Voici les moyens: douze Juifs, la plupart pêcheurs d'un lac de Galilée, n'ayant rien, ne sachant rien, commandés par Pierre, le moins entreprenant d'entre eux, celui qu'un propos de servante suffit pour faire reculer... telle est l'armée du Christ, tels sont les conquérants de l'univers. Leur consigne, la voici:

« Jésus envoya ainsi les douze, après leur avoir donné les instructions suivantes: N'ayez point souci d'avoir de l'or ou de l'argent dans votre bourse. Ne préparez ni sac pour le chemin, ni souliers, ni baton... ne vous mettez point en peine comment vous parlerez.
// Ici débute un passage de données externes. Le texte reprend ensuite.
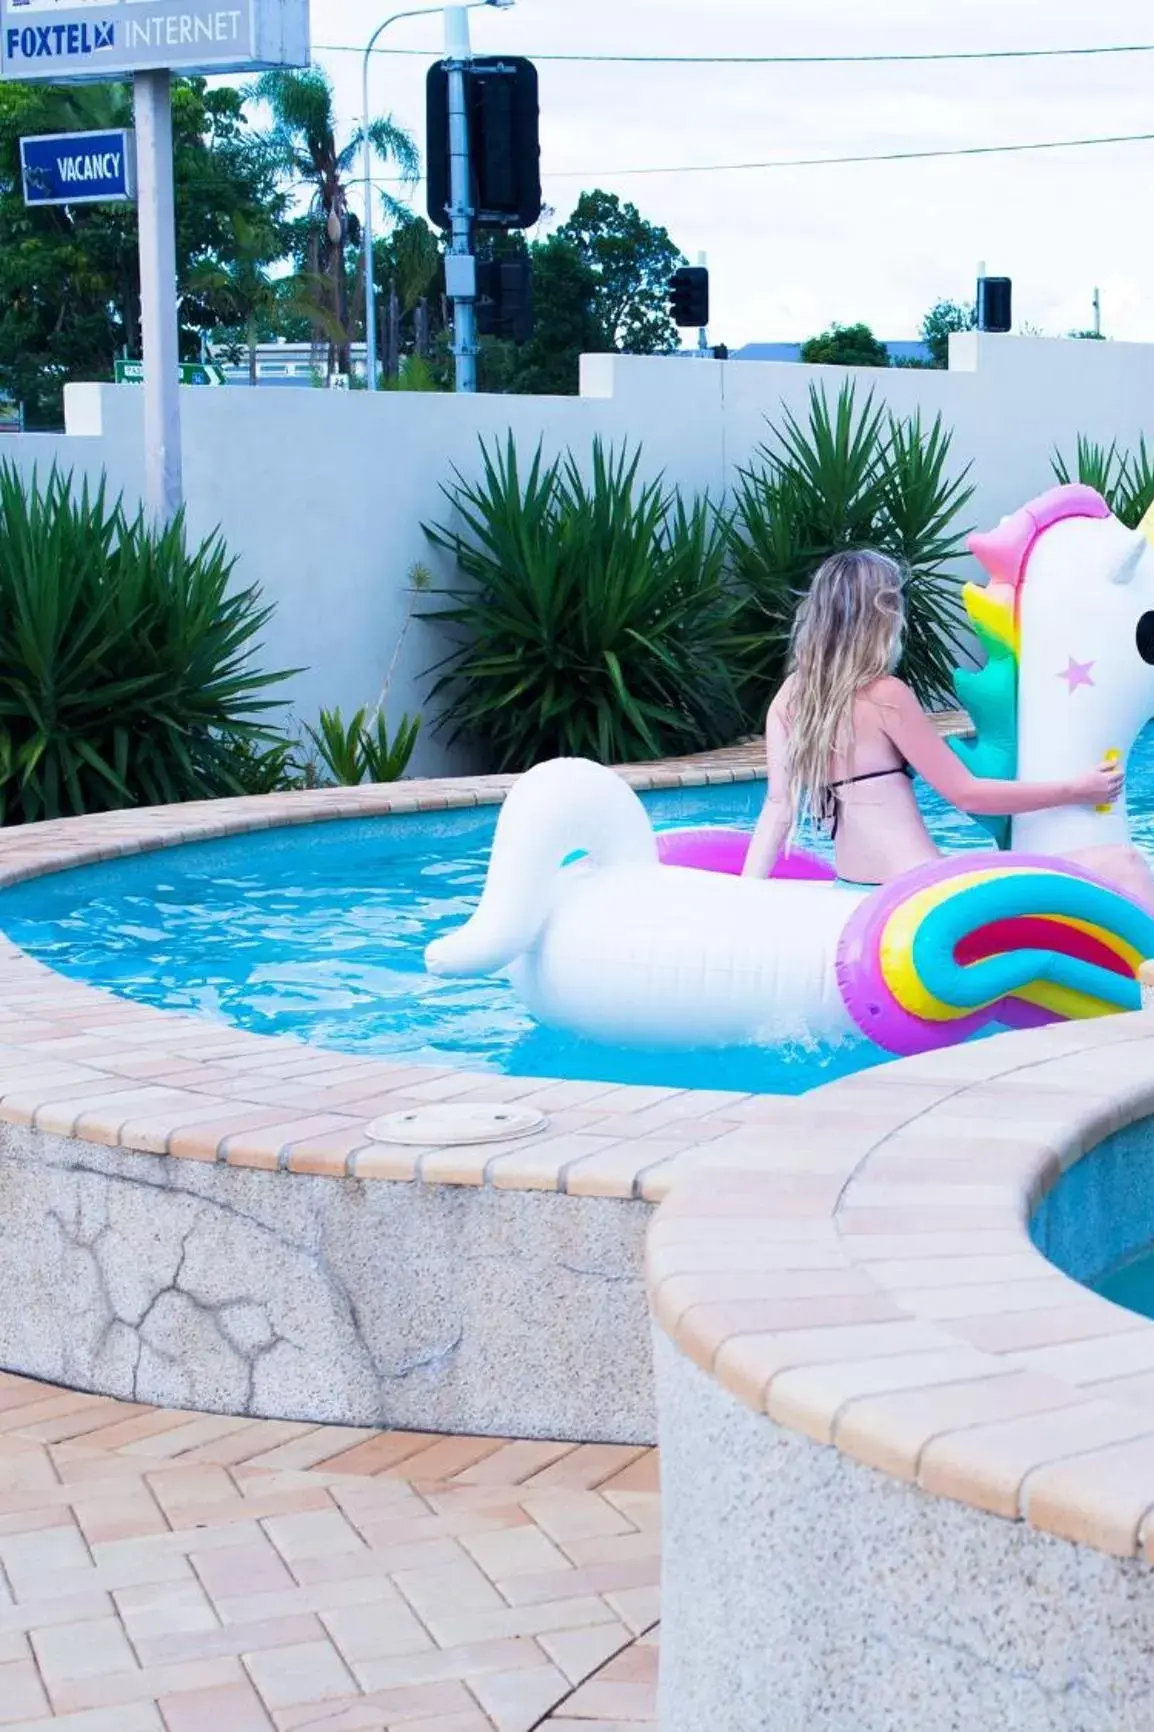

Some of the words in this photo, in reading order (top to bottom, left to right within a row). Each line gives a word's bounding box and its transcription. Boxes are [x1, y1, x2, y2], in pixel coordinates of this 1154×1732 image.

[7, 23, 91, 58] FOXTEL
[124, 10, 241, 48] INTERNET
[57, 152, 121, 182] VACANCY
Lorsque quelqu'un ne voudra point vous recevoir, sortez de la maison ou de la ville en secouant la poussière de vos pieds... Je vous envoie comme des brebis au milieu des loups... Ils vous feront comparaître dans leurs assemblées, ils vous feront fouetter dans leurs synagogues, et vous serez persécutés à cause de moi. (Matth. x, 9 seq.; Luc. ix, 1-5; Marc. vi, 7-11.) C'est ainsi que vous rendrez témoignage au Crucifié dans Jérusalem, dans toute la Judée et la Samarie, et jusqu'aux extrémités de la terre. (Act. 1, 8.) Allez donc de la sorte dans tout l'univers prêcher l'Evangile à toute créature, et assurez-vous que moi qui n'en vais, et que vous ne verrez plus, je suis néanmoins avec vous jusqu'à la fin du monde.» (Matth. xxvi, 19, 20.)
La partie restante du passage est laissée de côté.